Nyatanya, Argio lebih lihai daripada yang kuduga. Ia tampak sangat percaya diri dan tahu apa yang dilakukannya. Menunjukkan kalau dia biasa melakukan ini sendiri. "Tunggu, tapi kamu belum makan malam, kan? Kalau minum kopi apa lambung kamu nggak sakit nanti?" tanyanya sambil melipat tangan di dada.

Aku bahkan tidak ingat kalau belum makan. Dan kini aku jadi sadar kalau aku memang lapar.

"Kamu mau makan apa biar aku pesan. Tapi kalau kamu udah laper banget, aku punya nasi instan dan telur di kulkas."

Mendengar itu entah kenapa aku malah jadi ingin makan nasi hangat dengan telur mata sapi dan kecap. "Boleh deh... aku mau nasi dan telur aja."

"Oke."

Aku pikir maksud Argio adalah aku bisa memasak sendiri makananku tetapi ternyata Argio lah yang akan membuatnya dan itu benar-benar kembali mengejutkanku. Harus berapa banyak aku dibuat terkejut lelaki ini. Aku tidak pernah merasakan begitu banyak jenis emosi dalam satu waktu ketika menghadapi seseorang seperti saat dengan Argio. Sesaat ia membuatku marah, sesaat kemudian ia bisa membuatku nyaman.

"Kamu nggak usah takut, cuma nasi sama telur doang aku bisa. Aku bahkan bisa bikin opor ayam meski pakai bumbu instant. Gini-gini, aku pernah belajar masak."

Sepertinya Argio sadar aku memperhatikannya memasak dengan ekspresi tidak yakin. Jujur saja, aku sanksi apakah lelaki ini memang bisa masak atau mau mengerjaiku saja. Nyatanya, ia benar-benar tampat biasa menggunakan peralatan dapur.

Ya meski memasak telur ceplok itu bukan hal sulit. Tapi kita bisa tahu kok mana orang yang menggunakan penggorengan dan kompor sehari-hari, orang yang hanya sesekali pakai saat perlu dan terpaksa atau yang sama sekali tidak pernah menyentuhnya. Argio jelas terlihat yang pertama.
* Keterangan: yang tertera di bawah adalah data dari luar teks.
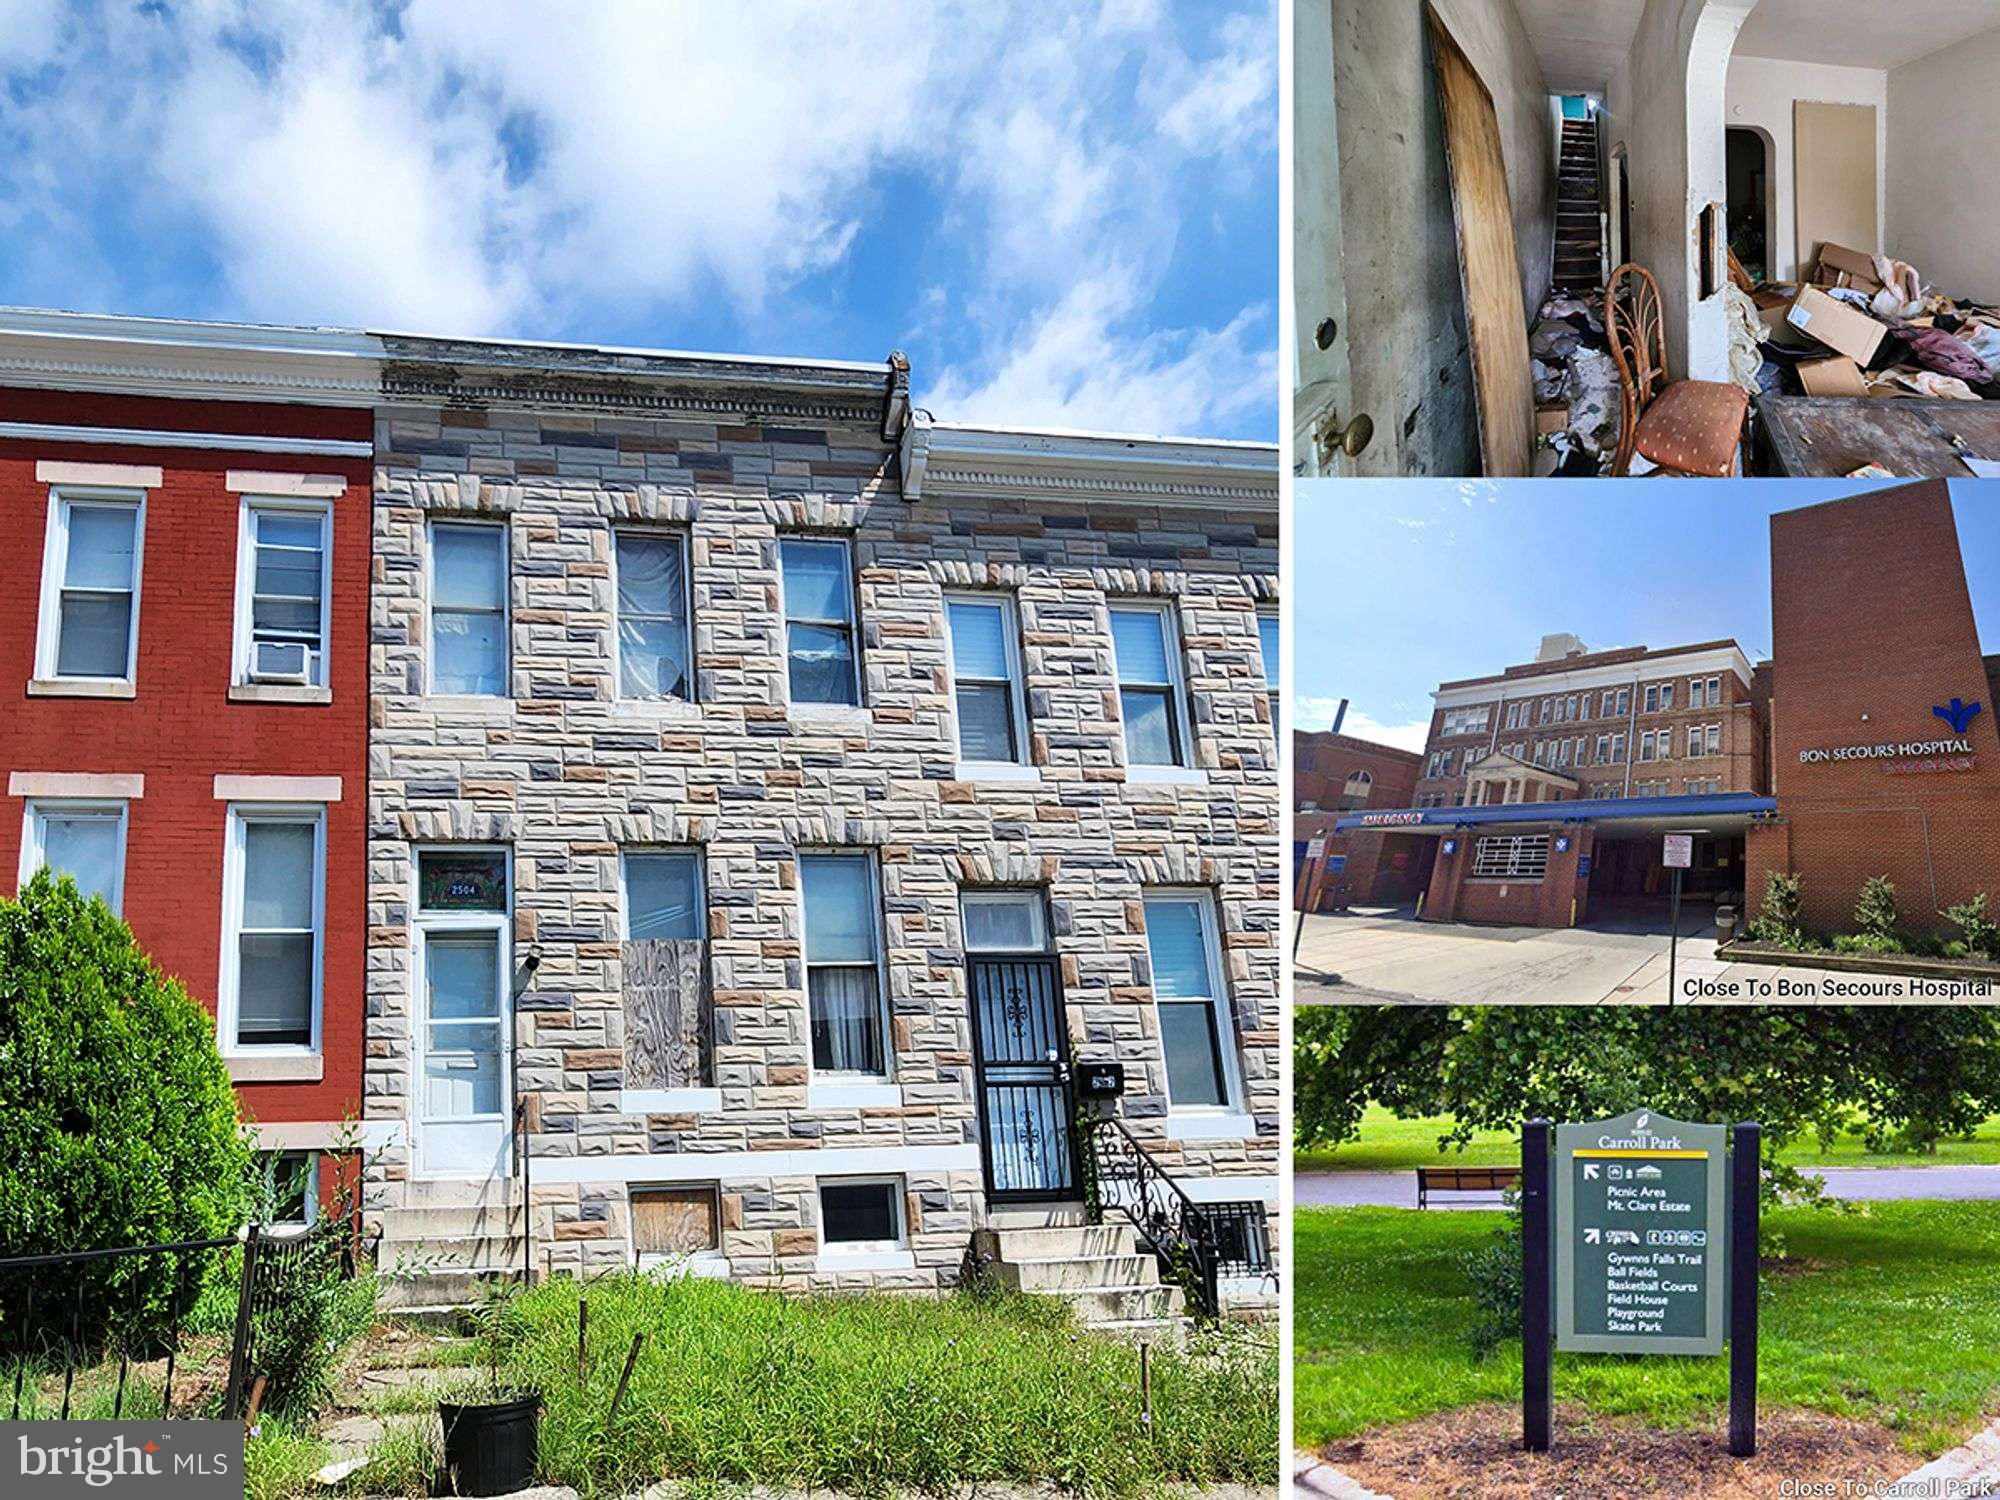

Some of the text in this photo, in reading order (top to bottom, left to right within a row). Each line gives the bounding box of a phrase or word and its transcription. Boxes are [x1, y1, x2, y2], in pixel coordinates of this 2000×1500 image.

[1800, 740, 1972, 763] BON SECOURS HOSPITAL
[451, 884, 475, 896] 2504
[1598, 1135, 1682, 1149] Carroll Park
[1607, 1186, 1666, 1197] Picnic Area
[1627, 1200, 1656, 1211] Clare
[1659, 1200, 1691, 1212] Estate
[1652, 1253, 1675, 1264] Falls
[1677, 1253, 1702, 1264] Trail
[1607, 1266, 1658, 1277] Ball Fields
[1607, 1279, 1698, 1292] Basketball Courts
[1607, 1293, 1669, 1305] Field House
[1607, 1306, 1665, 1320] Playground
[1607, 1320, 1663, 1332] Skate Park
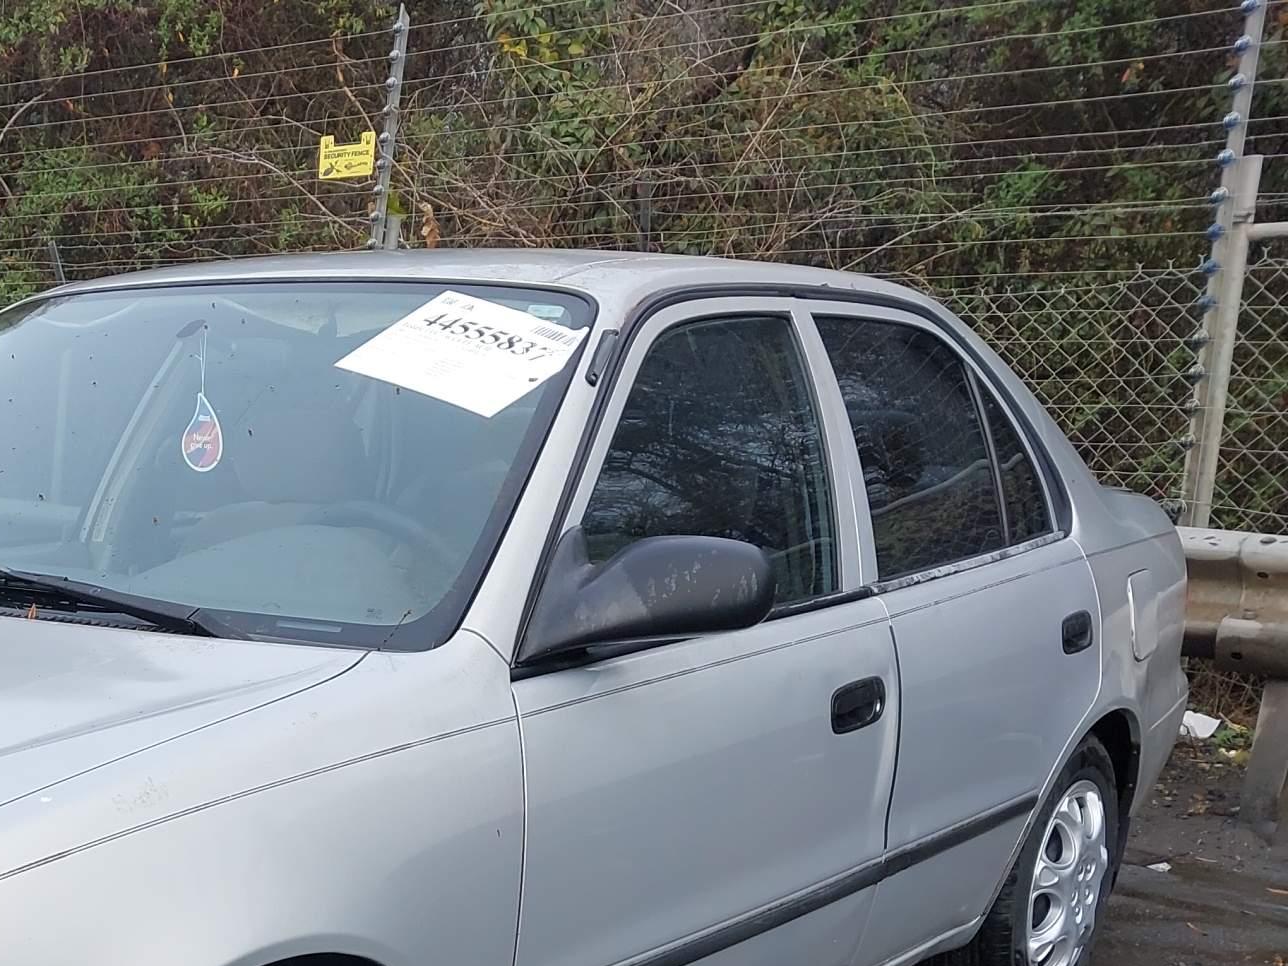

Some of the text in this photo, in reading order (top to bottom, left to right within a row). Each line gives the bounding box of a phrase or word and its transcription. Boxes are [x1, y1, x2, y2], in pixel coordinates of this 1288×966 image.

[323, 151, 351, 160] SECURITY
[351, 149, 370, 158] FENCE
[423, 313, 552, 361] 44555837
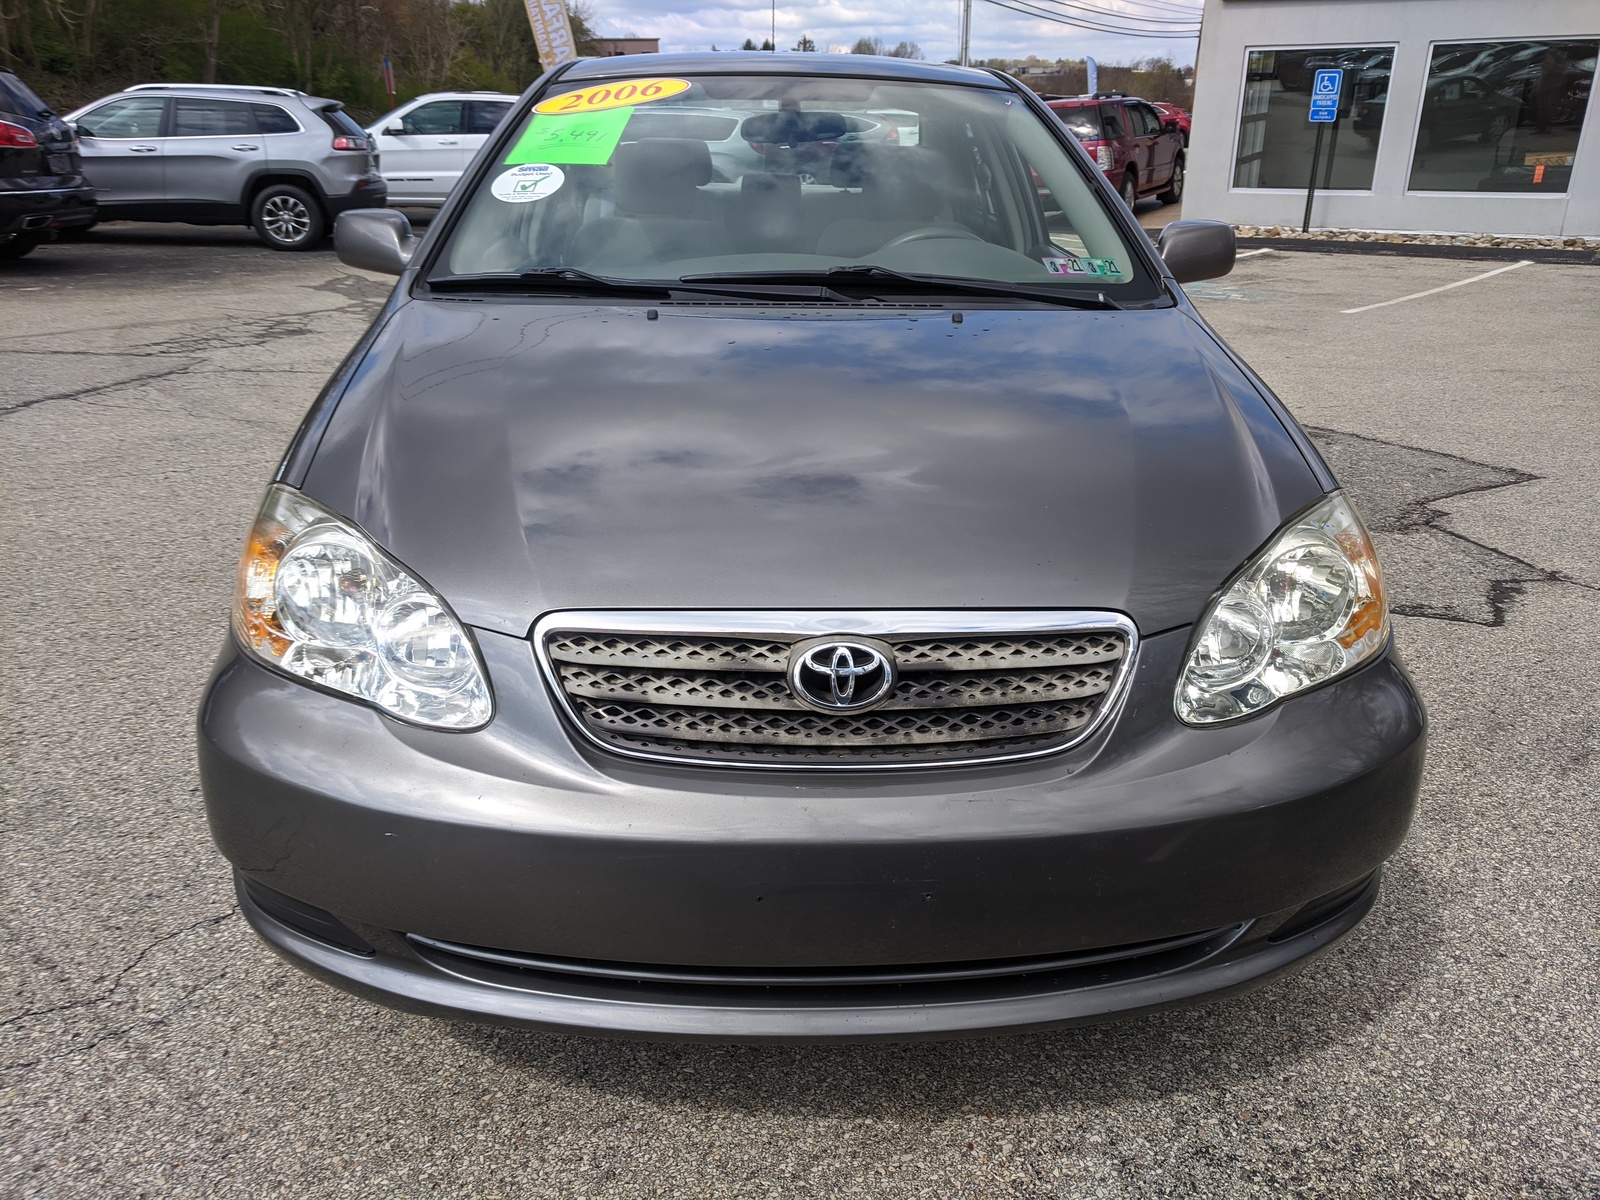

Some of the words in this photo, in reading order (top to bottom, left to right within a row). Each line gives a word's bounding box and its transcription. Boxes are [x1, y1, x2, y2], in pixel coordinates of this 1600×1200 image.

[558, 80, 665, 111] 2006
[536, 127, 608, 143] $5,491
[1067, 258, 1084, 272] 21
[1104, 260, 1121, 273] 21
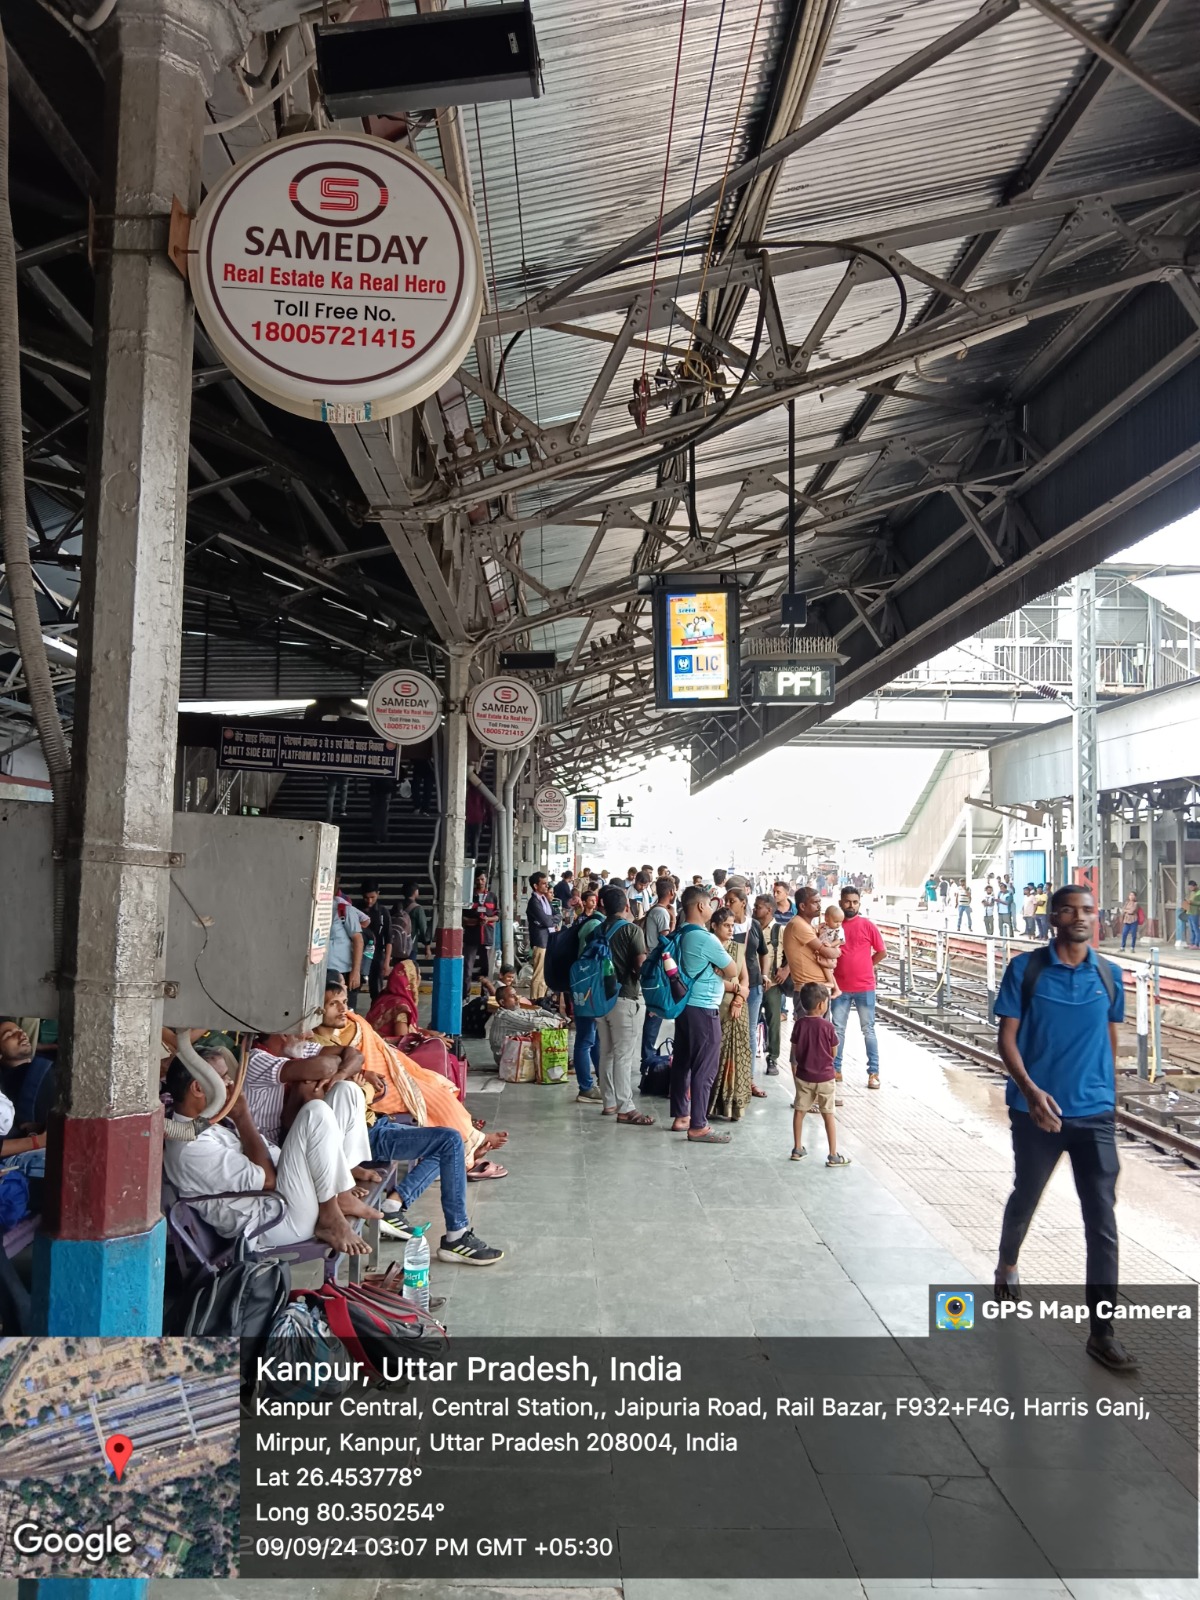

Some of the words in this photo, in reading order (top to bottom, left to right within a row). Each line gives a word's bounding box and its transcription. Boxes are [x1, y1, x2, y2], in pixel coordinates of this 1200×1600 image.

"For God sake, ini cuma telur ceplok doang, aku beneran bisa!" Kali ini Argio tampak tersinggung dengan tindakanku yang masih memandanginya memasak. Padahal aku hanya memandanginya karena memang takjub saja. "Atau kamu takut telurnya aku kasih racun? Just fyi, aku masih butuh kamu buat jadi pengantinku."

Aku mendelik. Akhirnya aku memutuskan untuk turun dari kursi bar yang berhadapan langsung ke arah kompor tempat Argio memasak itu untuk melihat-lihat sekeliling. Membiarkan Argio menyelesaikan memasak telur ceploknya untukku.

Aku sedang melihat-lihat ke rak buku yang ada di sudut ruangan saat Argio memanggilku karena ternyata telurnya sudah matang. Aku menghampirinya dan menemukan sudah ada dua piring kosong, dua buah nasi instan yang sudah dimicrowave.

Argio membawa telur ceploknya yang masih di atas wajan ke dekat piring dan meletakkan masing-masing dua telur di piring. "Aku barusan lihat ternyata ada sosis instan di kulkas jadi aku panasin sama nasi sekalian, kamu mau pakai itu juga?"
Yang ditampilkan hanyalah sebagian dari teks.